Call it the Obama doctrine. The central theme of Barack Obama’s foreign policy to date has been simple: He wants to lower the risk that a nuclear weapon will be exploded inside the United States. Think back. Obama’s first foreign policy address, delivered in Prague last April, called for a nuclear-free world—not a short-term practical goal, of course, but an ideal meant to shape our thinking and discourse. His top strategic priorities are stopping Iran from developing a nuclear bomb and stabilizing Afghanistan and Pakistan; Obama is investing billions of dollars and tens of thousands of U.S. troops in that region largely to ensure that Islamabad’s nuclear arsenal remains secure and out of the hands of jihadists. He convened a special meeting of the U.N. Security Council last fall to discuss the nuclear threat. He recently invested considerable prestige in the START treaty that mandates arms reductions with Russia. And he invited demagogic attacks from critics like Sarah Palin when he added new limitations to America’s nuclear-weapons doctrine.
Obama’s cool response to the Detroit underwear bomber showed that he doesn’t want America overreacting to the threat of conventional terrorism. But nuclear terror—that’s another matter. “It would be a catastrophe for the world,” Obama explained at the 47-nation nuclear summit he hosted in Washington this week. Groups like Al Qaeda are trying to acquire nukes, he warned, and would surely use a bomb if they got one. “The risk of a nuclear attack has gone up,” Obama said. Coming from Dick Cheney, words like that had a way of sounding like a scare tactic. Coming from Obama, they are genuinely scary.

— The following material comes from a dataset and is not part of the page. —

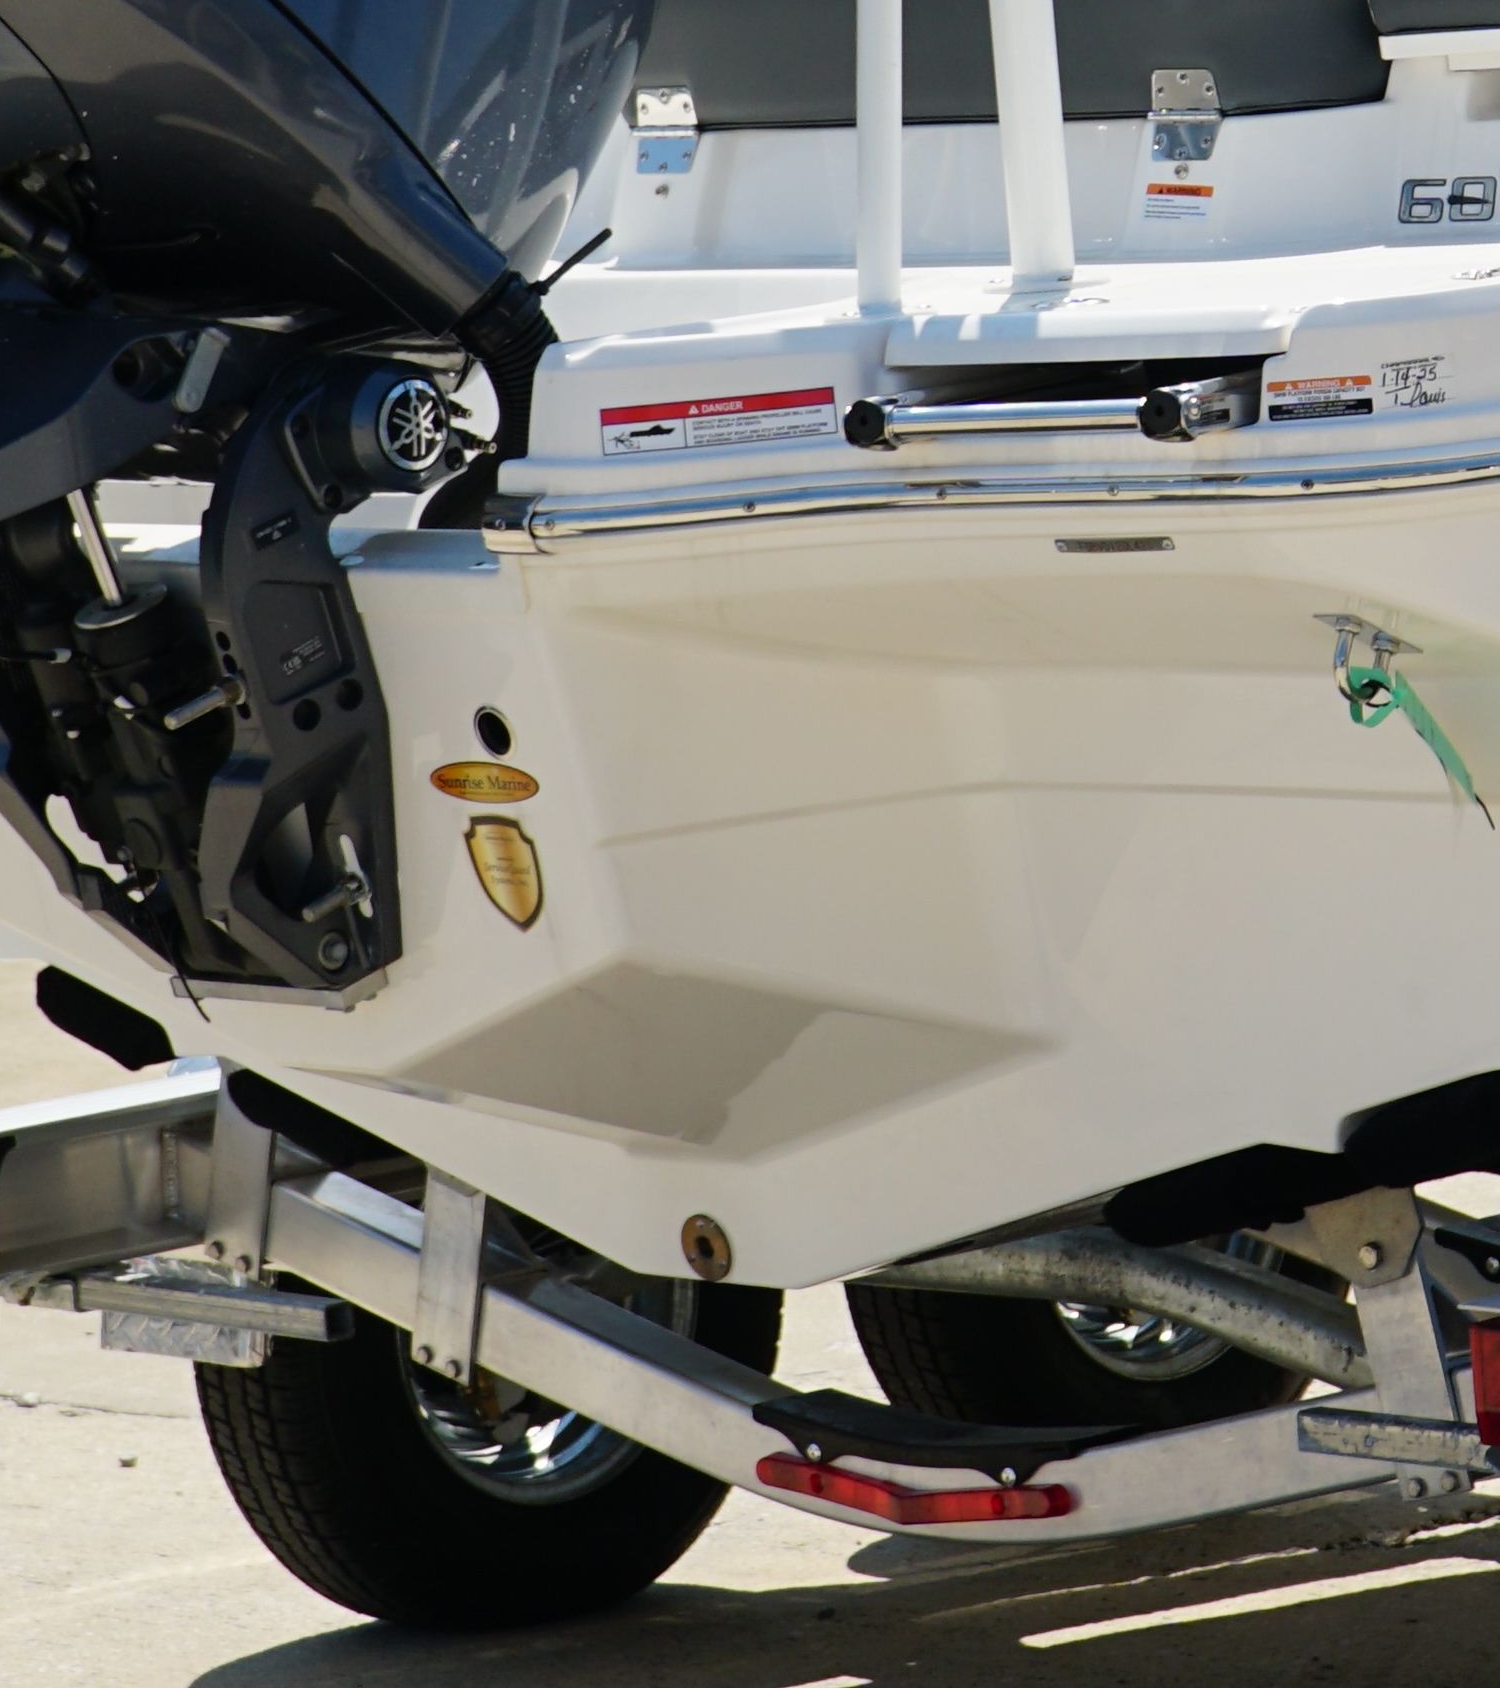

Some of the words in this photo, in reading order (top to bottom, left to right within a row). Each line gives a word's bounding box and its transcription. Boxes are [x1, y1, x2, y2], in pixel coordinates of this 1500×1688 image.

[1297, 379, 1341, 390] WARNING
[701, 401, 744, 414] DANGER
[437, 773, 485, 790] Sunrise
[486, 774, 533, 792] Marine

Unfortunately, one summit won’t be enough to put our fears to rest. The Obama administration is billing this event as a huge leap forward for global nuclear security. Conservatives are sneering that it is a symbolic sideshow which sidesteps crucial issues like Iran’s nuclear program. Neither argument is quite right. The nuclear security summit will help to advance Obama’s new doctrine by focusing world attention on the nuclear threat, as well as achieving some tangible security steps. But some of the hardest work still lies ahead. And much of it does, in fact, have quite a lot to do with Iran.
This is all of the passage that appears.